It has been found that fake versions of popular smartphone models sold at reduced prices Triad.
“More than 2,600 users in different countries have encountered a new version of Triada, most in Russia,” Kaspersky – Note In the report. The infections were recorded between March 13 and 27, 2025.
Triada – This is the name given to the Android modular family that was that was For the first time discovered In the Russian cybersecurity campaign in March 2016. Trojan remote access (rat), it is equipped for theft of a wide range of secret information, as well as engaged devices in botnet for other malicious activities.
While the malicious software was previously observed, spread through intermediate apps published in the Google Play Store (and elsewhere) that it is Obtained root access On compromised phones the following companies used WhatsApp fashions like Fmwhatsapp and Yowhatsapp as a vector of distribution.
Over the years, changed versions of Triada have also found their way into android pills, television boxes and digital projectors as part of a widespread Scheme of fraud called Badbox This uses compromises of the supply network and other markets for initial access.
This behavior was For the first time observed In 2017, when malicious software turned into a pre -installed back frame of Android, which allowed the subjects the threat to remotely control the devices, introduce more malware and use them for various illegal activities.
“Triada infects the images of the device system through the third party during the production process,” Google noted In June 2019, “Sometimes OEM wants to include features that are not included in an open source Android project, such as FACE Unlock.

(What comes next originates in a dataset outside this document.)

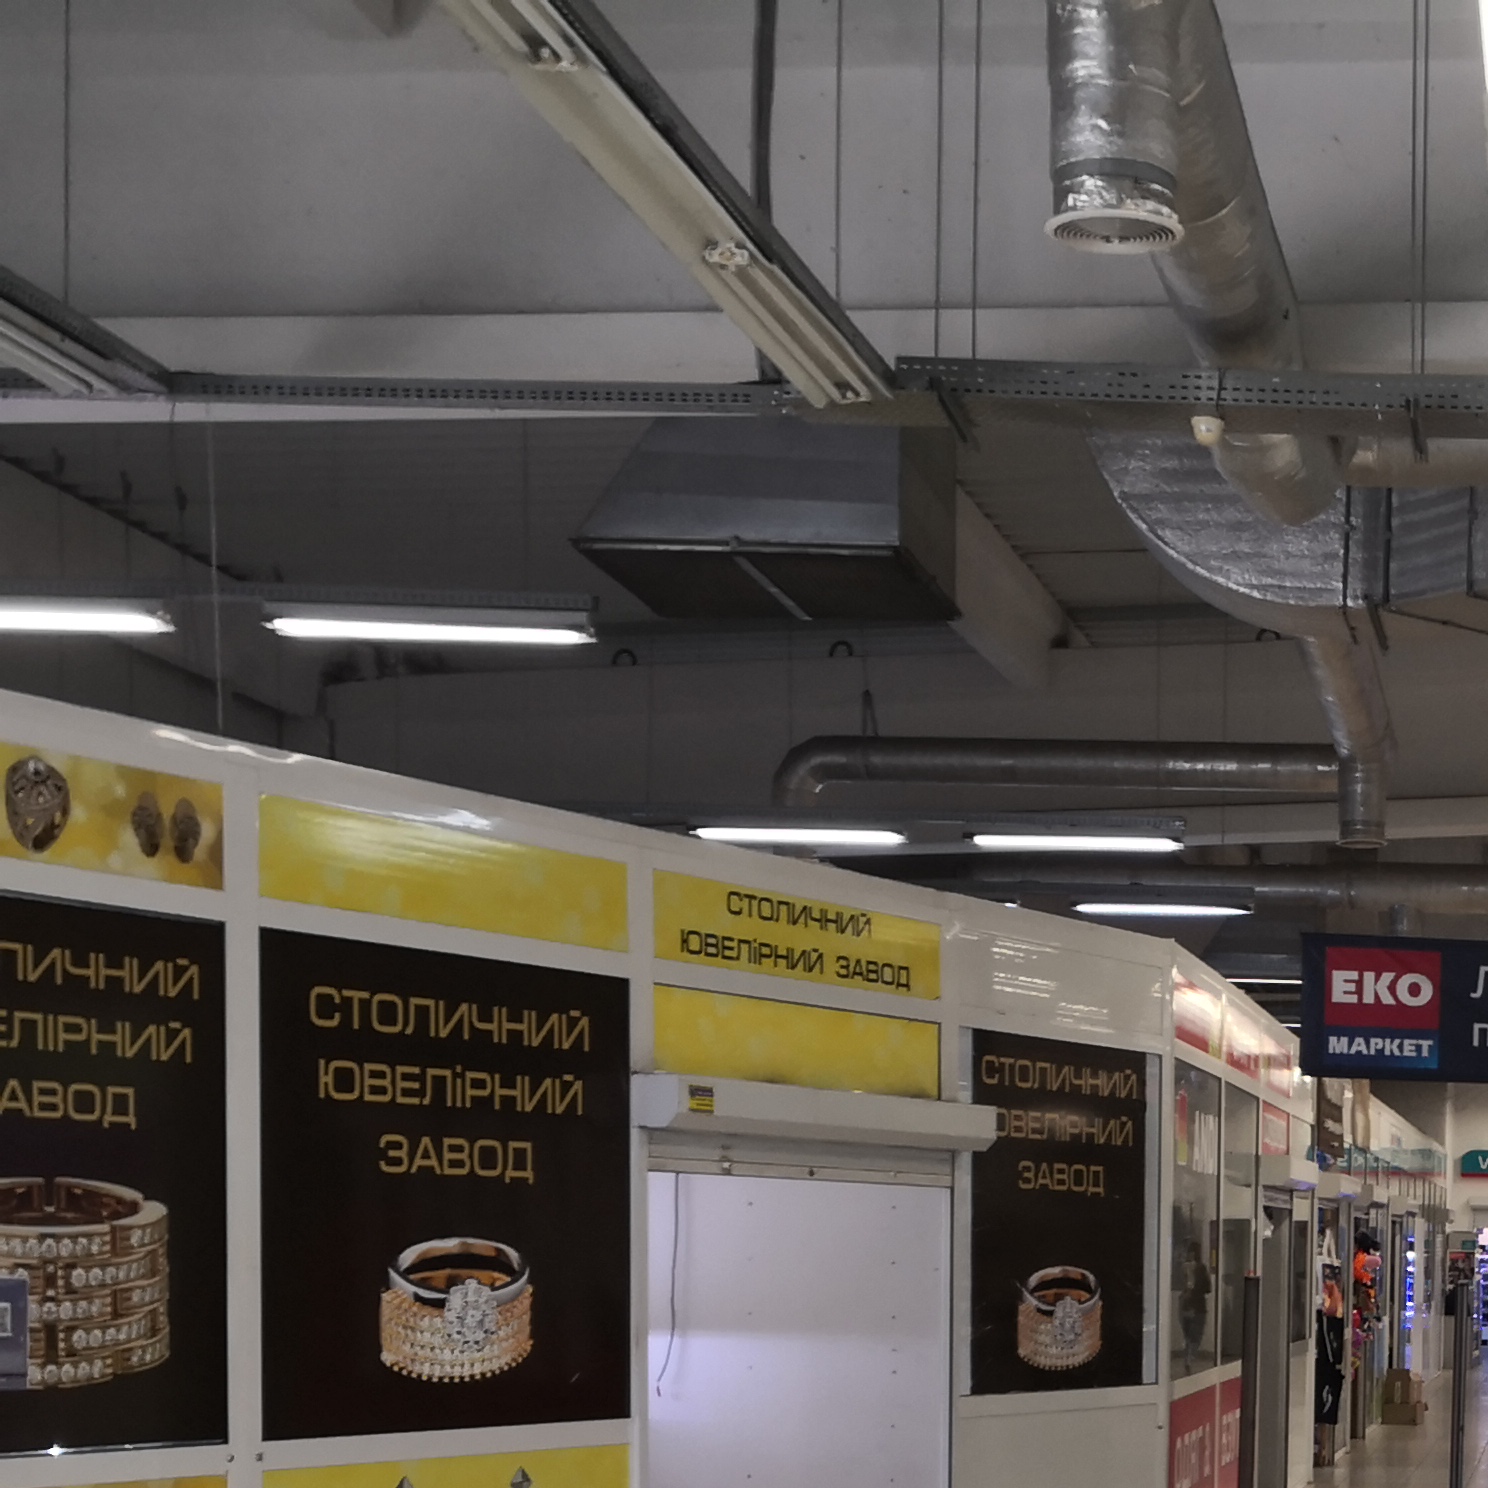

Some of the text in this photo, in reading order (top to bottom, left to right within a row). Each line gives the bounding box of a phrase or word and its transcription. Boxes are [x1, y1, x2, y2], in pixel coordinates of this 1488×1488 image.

OEM can collaborate with third parties who can develop the right feature and send the whole image of the system for development.”
At this time, the technological giant is also a fingers on the supplier, which went by the name of Ehuo or Blazefir, since the party is probably responsible for the infection returned systemic image with a triad.
The latest samples of malicious programs, analyzed by the Casper, show that they are on a systematic basis, allowing it to copy to each process on a smartphone and giving attackers unobstructed and control to perform various activities –
- Steal users’ accounts related to instant messengers and social networks such as Telegram and Tiktok
- Sardino send WhatsApp messages and Telegram to other contacts on behalf of the victim and delete them to remove traces
- Speech as a clip by grabbing the clipboard with the cryptocurrency wallet addresses to replace their wallet under their control
- Keep track of the web browser’s activity and replace the links
- Replace the phone numbers during calls
- Intercourse SMS -messages and subscribe to the victims at the premium SMS
- Download other programs
- Block network connections to interfere with the normal functioning of the fraud
It is worth noting that Triada is not the only malicious software that is pre -loaded on the Android device at the stages of production. In May 2018 Avast disclosed What several hundred android models, including ZTE and Archos similar, were sent pre -installed by another advertising software called Cosiloon.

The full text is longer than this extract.